Elicitor Treatment of Cell Suspension of S. baicalensis in the Presence of beta -Glucuronidase Inhibitor-- S. baicalensis is known to contain flavonoid-specific beta -glucuronidase, although its physiological importance is not understood (16). To reveal the roles of this enzyme in S. baicalensis, we first investigated effects on the cells induced by inhibition of beta -glucuronidase. In this study, SAL was used as the beta -glucuronidase inhibitor.
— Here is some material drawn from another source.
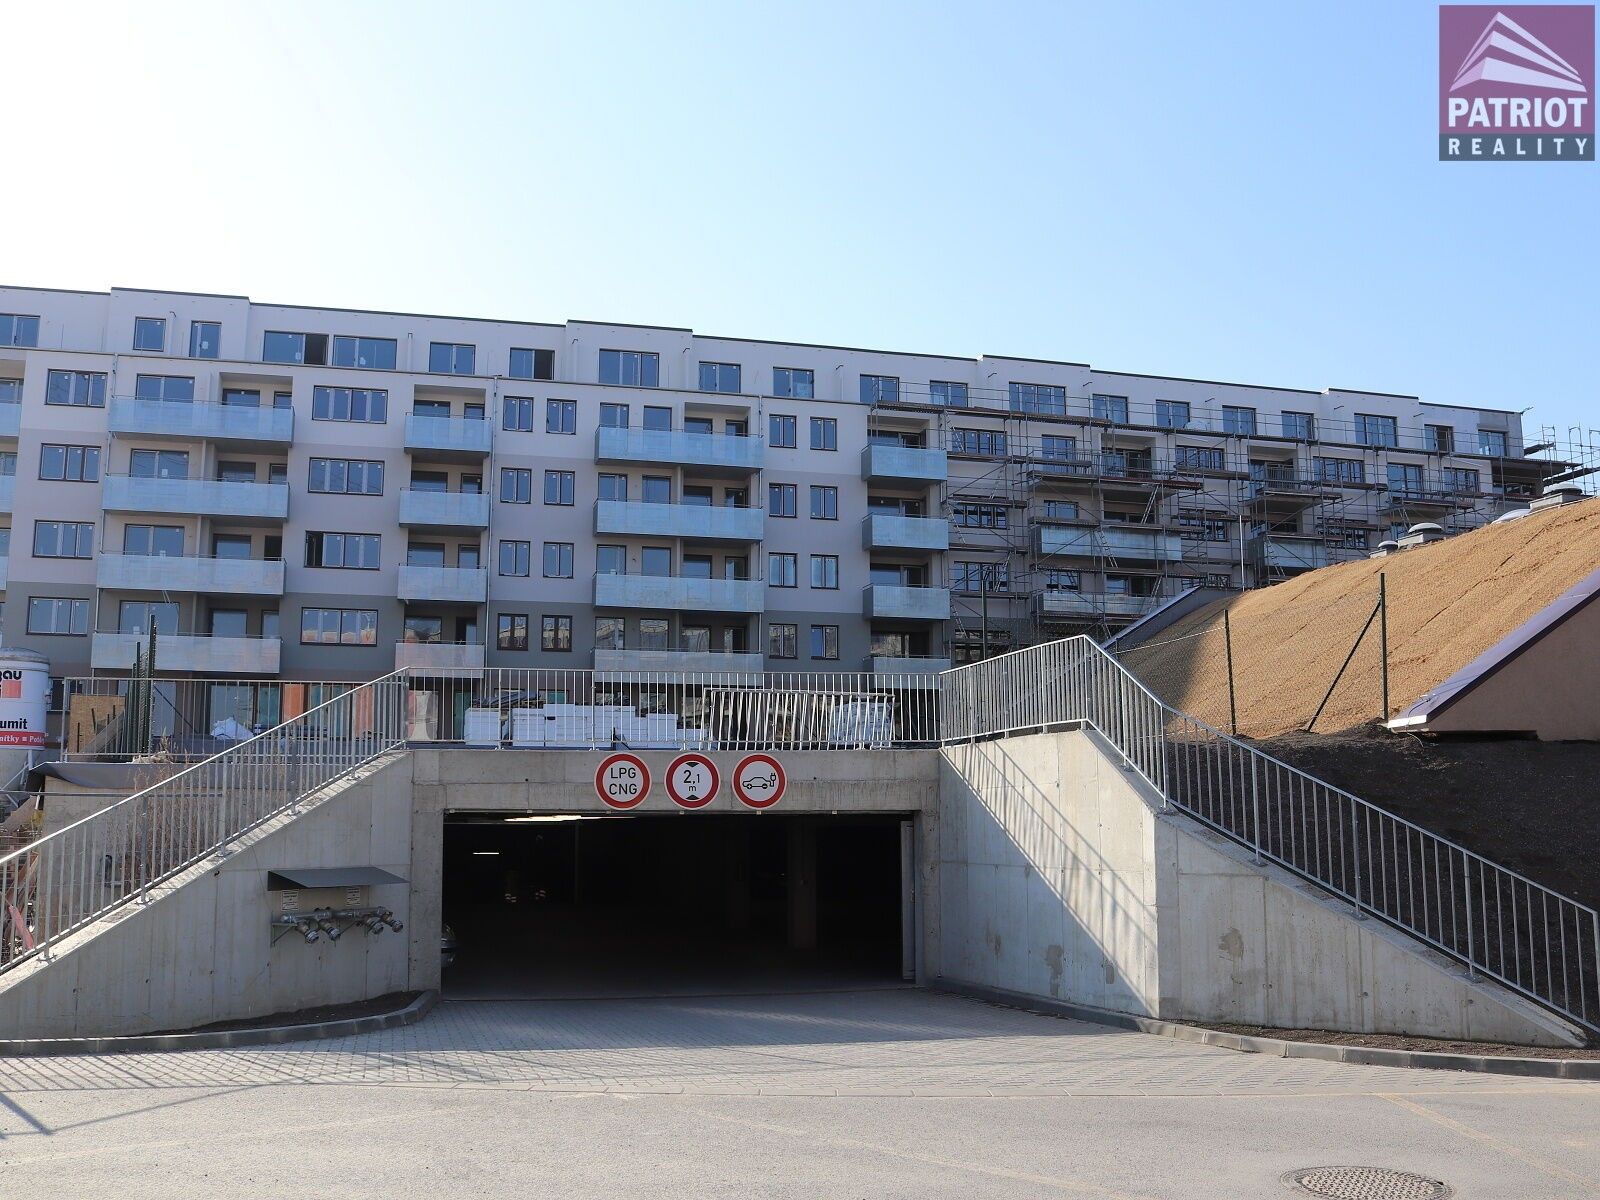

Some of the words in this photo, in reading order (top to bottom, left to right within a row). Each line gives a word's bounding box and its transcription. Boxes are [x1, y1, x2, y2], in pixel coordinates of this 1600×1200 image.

[610, 767, 636, 779] LPG
[683, 769, 701, 785] 2,1
[608, 783, 638, 795] CNG
A significant effect of beta -glucuronidase inhibition was observed in the elicited cells but not in the nonelicited cells. When Scutellaria cells were treated with the elicitor yeast extract in the presence of SAL, numerous components that should exist within the cells were released to the medium (Fig. 1A). In addition, alpha -mannosidase (0.60 nanokatal/g fresh cells), which is reported to be present in the vacuoles and cytosol (23), was also detected in the medium. Accordingly, the elicitation in the presence of SAL was thought to result in serious damage to the cells. In contrast to SAL treatment, elicitation in the absence of SAL resulted in much less damage; the elicited cells released only several components (Fig. 1B) and a lower level of alpha -mannosidase (0.09 nanokatal/g fresh cells) to the medium. Similar experiments using H2O2 instead of the elicitor also demonstrated that the elicited cells undergo more serious damage in the presence of SAL. These results indicated that Scutellaria cells have a rapid H2O2-detoxifying system that is inhibited by SAL.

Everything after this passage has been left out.